On 14 October 1918, Foreign Minister Baron István Burián von Rajecz asked for an armistice based on the Fourteen Points.

On 16 October 1918, Emperor Karl I of Austria and IV of Hungary proclaimed the People's Manifesto, which envisaged to turn the Empire into a federal state of five Kingdoms (Austria, Hungary, Croatia, Bohemia and Polish-Galicia), in an attempt to take into account the aspirations of the Croats, Czechs, Austrian Germans, Poles, Ukrainians and Romanians without affecting the integrity of the lands of the Crown of Saint Stephen. It also promised the unification of Polish lands via an Austro-Polish solution, and an Austro-Bohemian Compromise that would transform the projected Trialism into a proposal with two additional kingdoms. The city of Trieste and its Italian territory would be granted a special status.
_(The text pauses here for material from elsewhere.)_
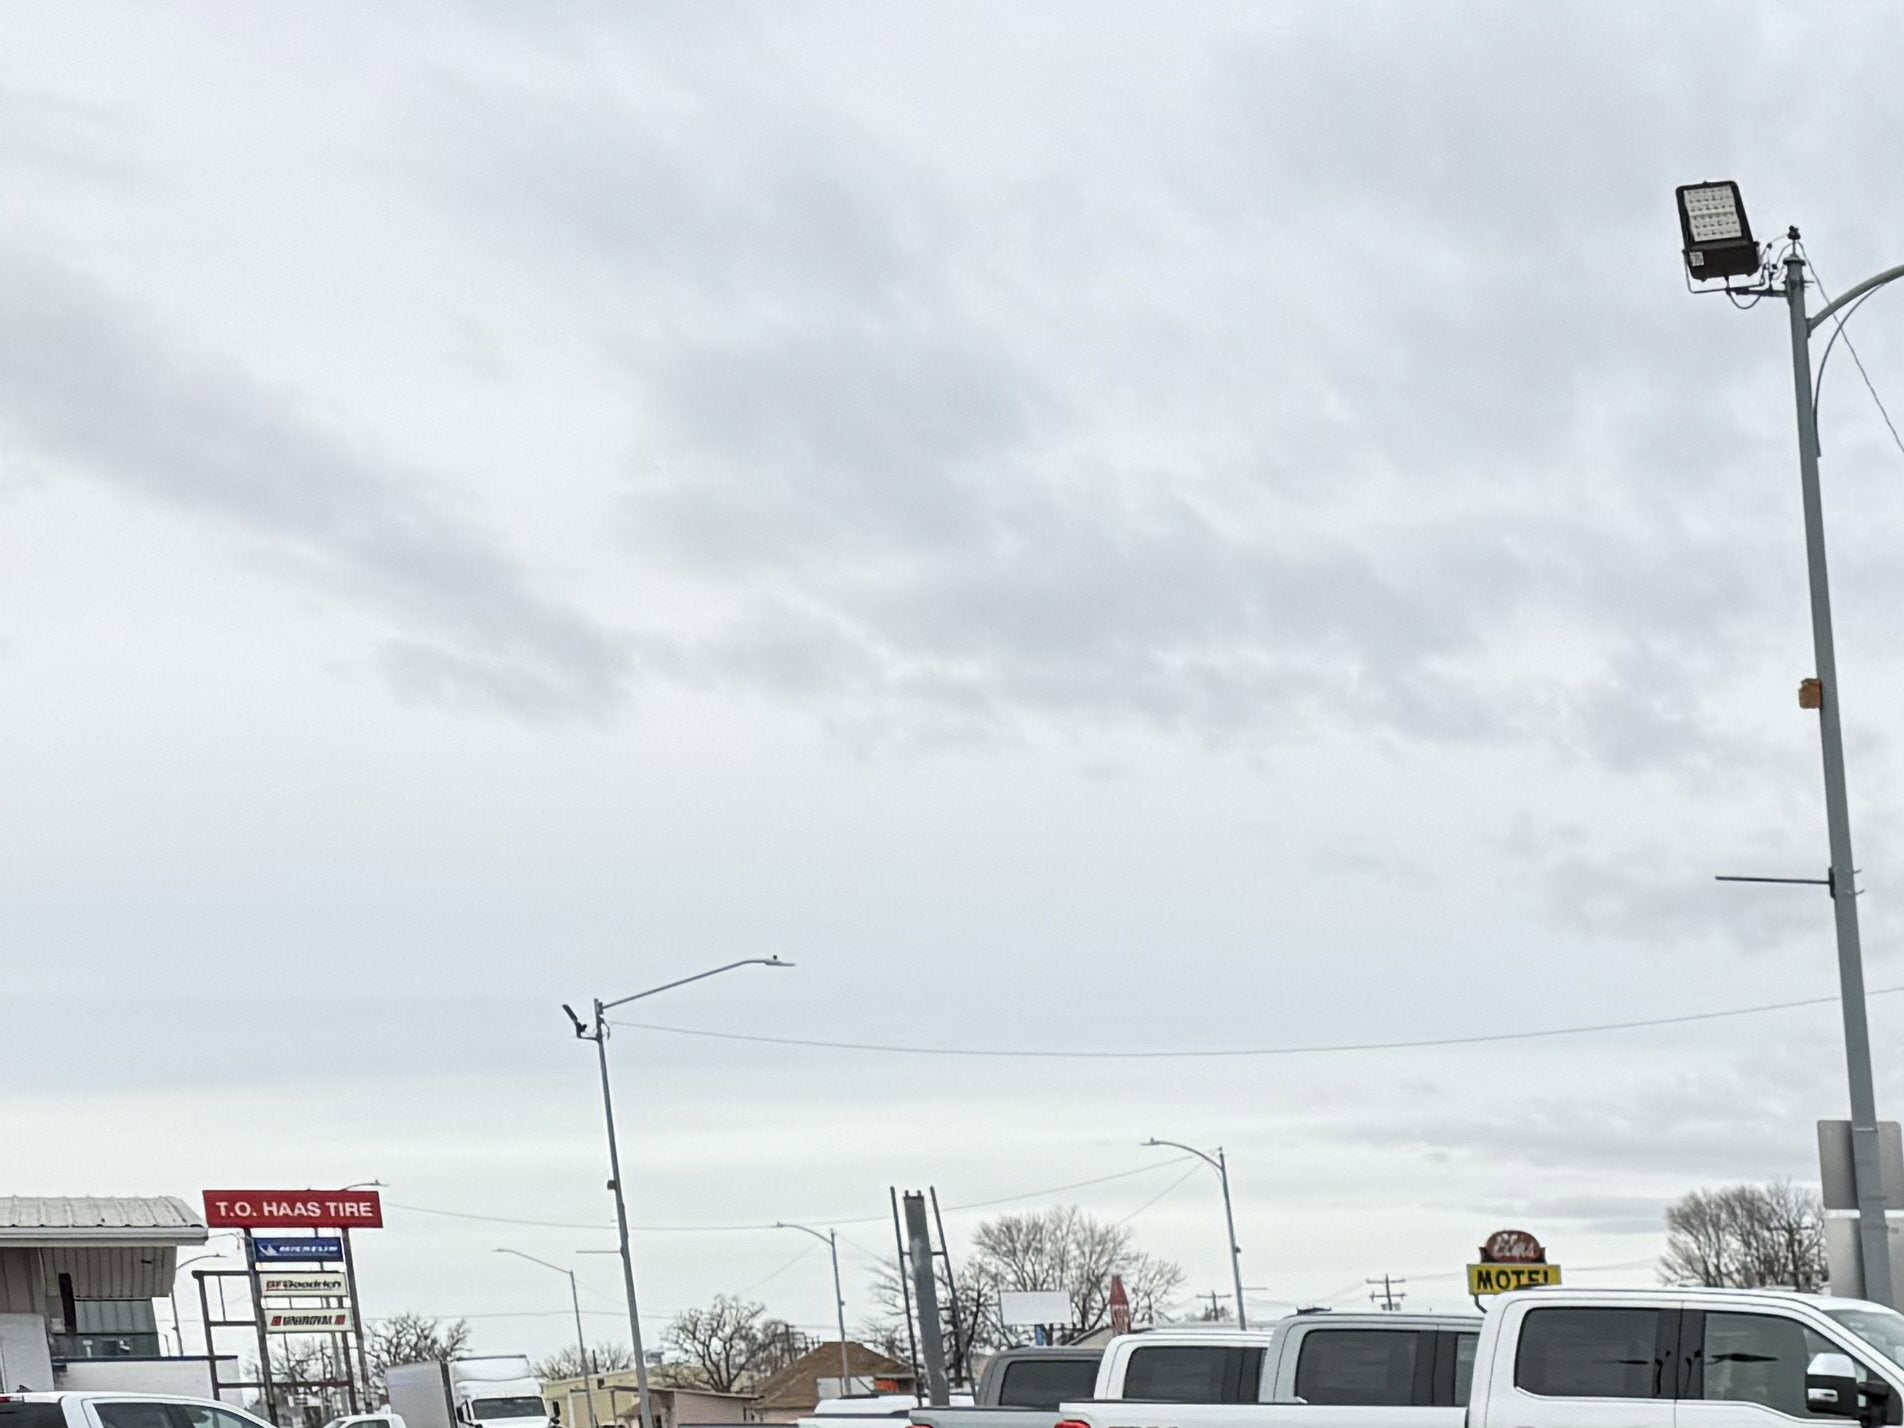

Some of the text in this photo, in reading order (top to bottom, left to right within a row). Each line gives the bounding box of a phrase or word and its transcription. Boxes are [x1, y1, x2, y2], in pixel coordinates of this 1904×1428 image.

[216, 1202, 373, 1217] T.O. HAAS TIRE
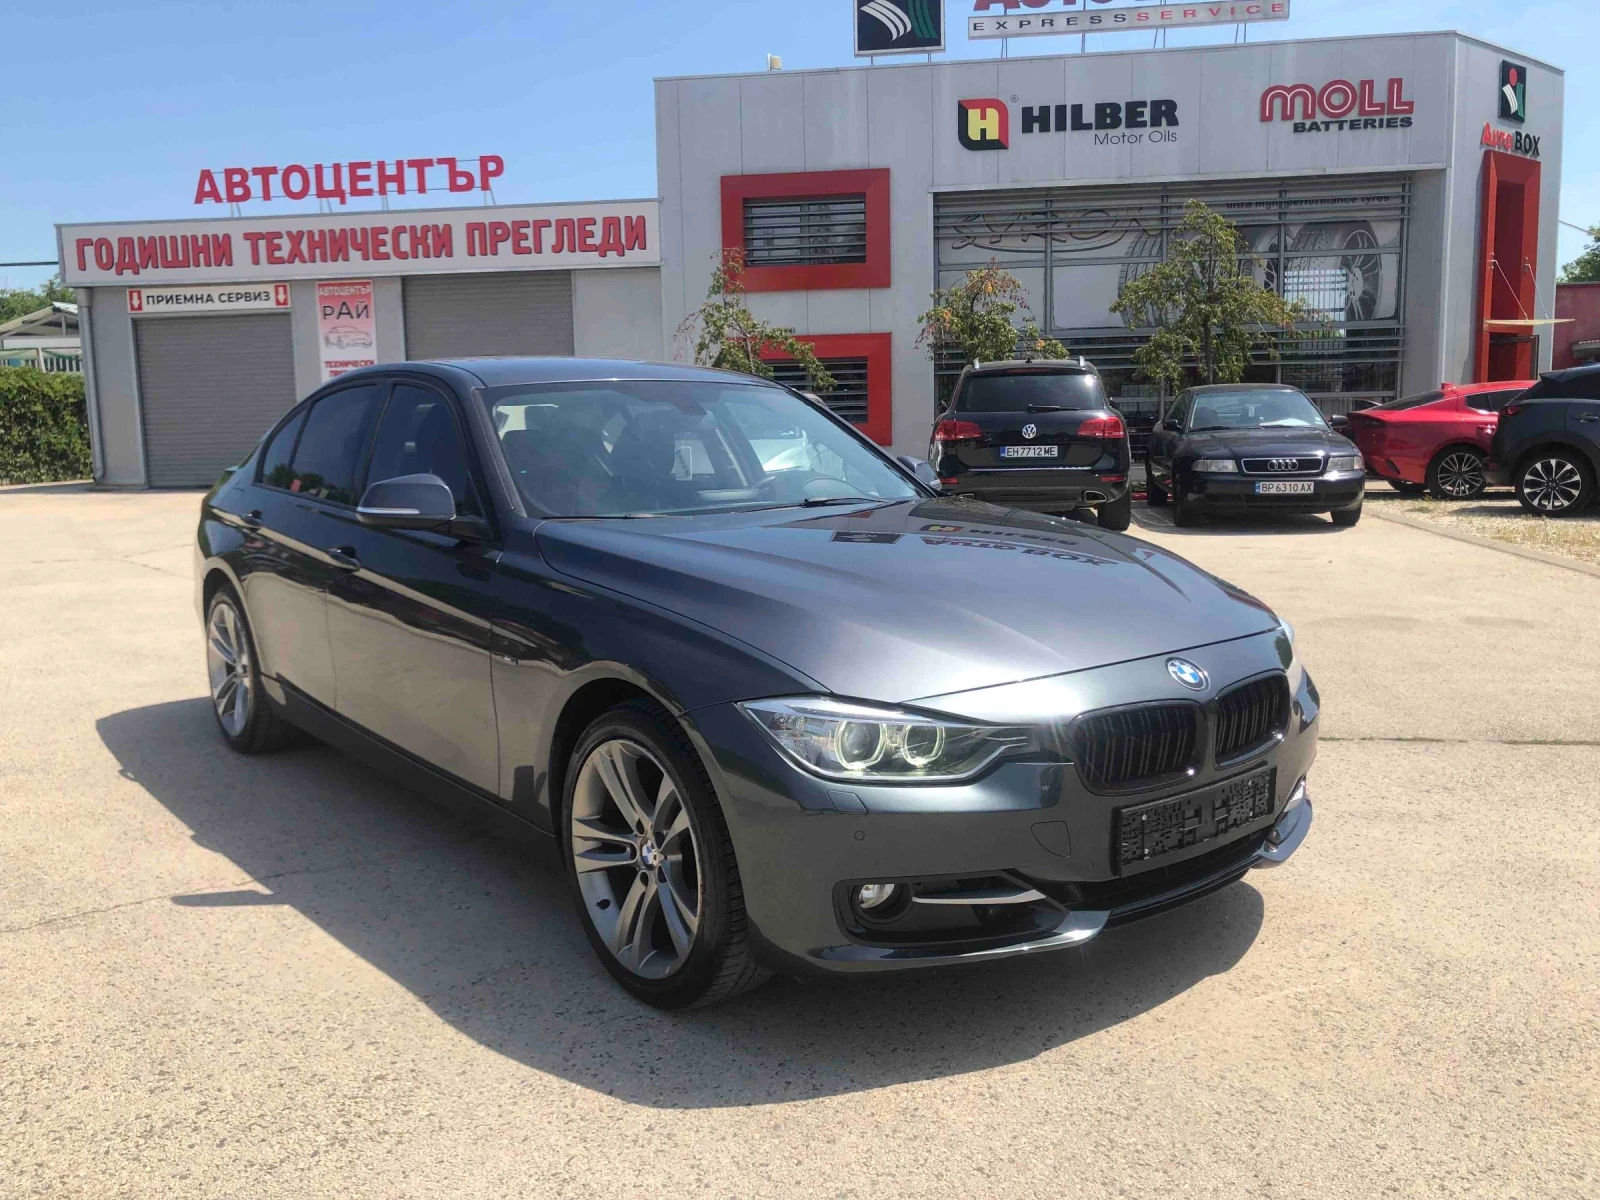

Karl declared that his objectives were to resolve 'the needs of the Austrian people' and bring 'happiness to all [his] people' (including non-Germans), and that he had thrived to achieve peace in the 'fatherland' and to rebuild society ever since his accession to the throne. However, the People's Manifesto came too late, at a time when Austria-Hungary was collapsing near the end of the war, and was no longer perceived by the national representative bodies as an invitation to reform the monarchy but as an opportunity to carve out their own future in a self-determined way with the option of leaving the monarchy.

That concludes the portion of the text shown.